Sunday, January 2, 2011

Should we believe in NaNoWriMo?

AkddJust finished reading this article on one of my frequented news sites by one of their book reviewers on why one shouldn't participate in National Novel Writing Month (which, this year, I didn't). Somehow I missed this when it was first published in November, but it's still reasonably relevant, so what the hey.

I speak from personal experience. I have never "won" NaNoWriMo (i.e. successfully submitted 50,000 words before December 1), but each time I have participated, the raw outpouring of words, sentences, paragraphs it generated from me have set the right (write? Ha.) gears a-churnin', and when I closed the MS Word document full of the rambling I was hammering out for the contest, I set upon some other work that had bloomed within me, and produced some damn fine lines, some of which I'm still proud of and want to continue working with. These were dislodged, possibly generated, by the flood of NaNoWriMo forced through my otherwise (at least at the time) barren mind. The same is not true for all writers; some are just frustrated, bored, or exhausted by the processes of NaNoWriMo. In which case, it's not your thing, fine. But I do encourage most of my friend who write to try it.

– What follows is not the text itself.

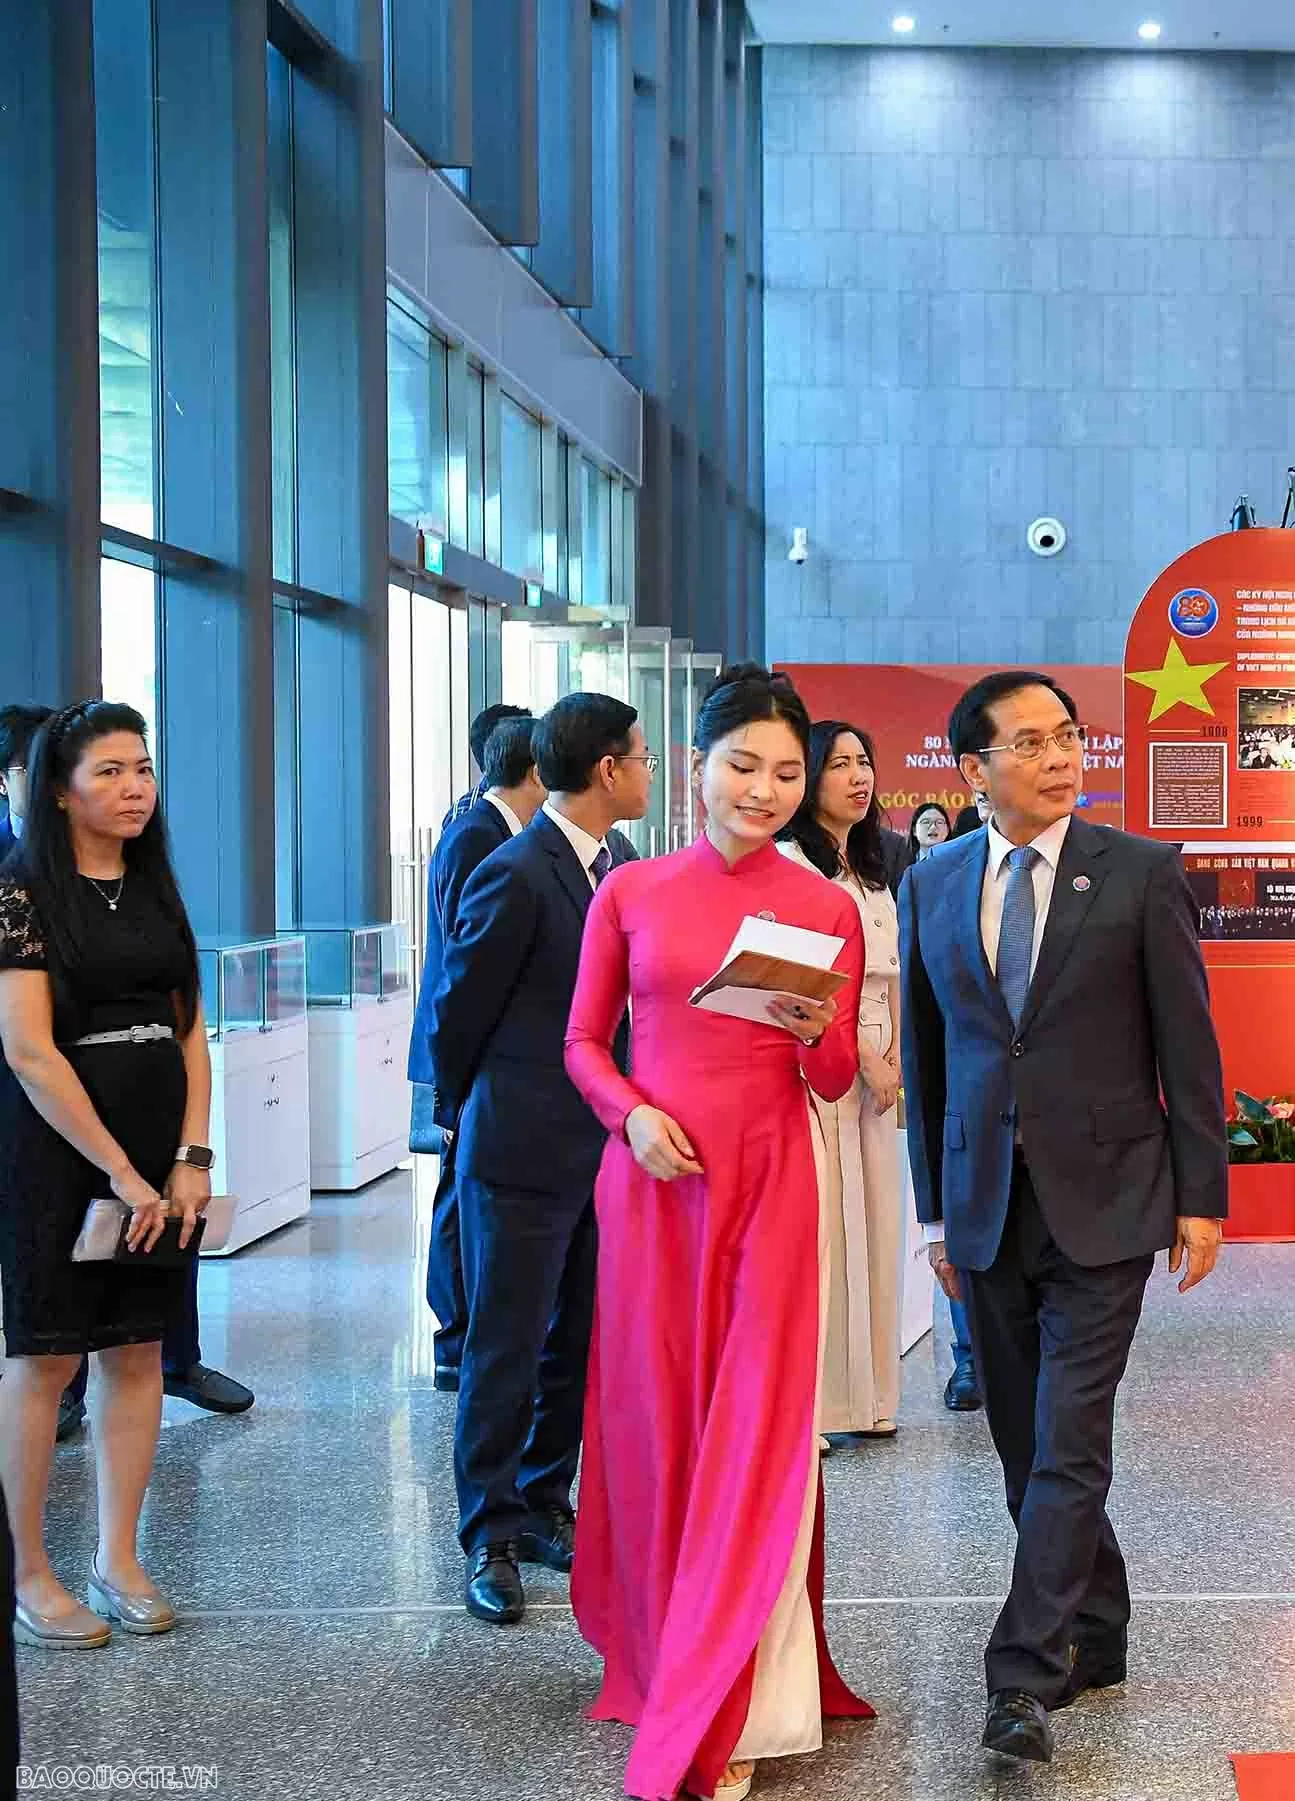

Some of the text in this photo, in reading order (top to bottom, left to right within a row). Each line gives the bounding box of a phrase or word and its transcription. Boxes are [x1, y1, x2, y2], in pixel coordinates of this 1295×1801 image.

In the article, Laura Miller paints the competition as solely for writers, which, okay, is mostly true. But there is always a pretty generous handful of people who participate who aren't. Maybe they've always dreamed of (or at least vaguely thought about) writing something, or maybe they just needed a quantifiable goal. Either way, a lot of them reach the end, which is more than I can say for myself. Then, ta-da, they end up with a goal achieved, and some sort of product at the end. And sometimes we all need to have that. So what's the harm in encouraging it? Yes, perhaps some participants think a little too highly of their final submission, and/or underestimate the necessity of the long, hard road of revision. That still doesn't detract from the benefit they and others might get from participating. Live and let live?

Instead of participating in NaNoWriMo, she argues, people should be reading-- that the proportion of readers to writers is disgraceful. Which, of course, is true. Dammit, people do need to read more.I need to read more, and I chew through more books in a year than most people I know. But she sees NaNoWriMo, and similar practices of do-it-yourself noveling as harmful to the culture of reading. She writes of seeing a NaNoWriMo event in a bookstore:

It was yet another depressing sign that the cultural spaces once dedicated to the selfless art of reading are being taken over by the narcissistic commerce of writing.

I say "commerce" because far more money can be made out of people who want to write novels than out of people who want to read them. And an astonishing number of individuals who want to do the former will confess to never doing the latter. "People would come up to me at parties," author Ann Bauer recently told me, "and say, 'I've been thinking of writing a book. Tell me what you think of this ...' And I'd (eventually) divert the conversation by asking what they read ... Now, the 'What do you read?' question is inevitably answered, 'Oh, I don't have time to read. I'm just concentrating on my writing.'"


Alright. I'll admit that that response is just as offensive to me. But I'm willing to bet a whole lot that these people were unbearably pretentious and arrogant anyway, and that this condition didn't suddenly come about just when they affected to be "writers". Reading and writing are not mutually exclusive occupations; just the opposite. Writers should be the most voracious readers of all. I'm sure Miller is aware of this widely held belief. And yes, arrogant fledgling writers who overrate their own ability are incredibly annoying, but that doesn't mean that this yearly event which allows people to have fun and eke out a creation is useless/harmful.

If National Novel Writing Month isn't your bag, don't participate in it. Don't read any of the resulting works. When people gush about the experience, politely nod and smile and change the subject, just as you do when they spout on about their new baby, or World of Warcraft. Miller suggests that people participate in reading challenges instead of writing challenges. (Incidentally, she posted an article on reading challenges today, I suggest checking out the links.) I intend to take at least one of those challenges this year. I will also be participating in NaNoWriMo.

Cake is doubly delicious when you have it and eat it too. I imagine books are as well. (See, if you take the cake metaphor, and writing is... oh, forget it.)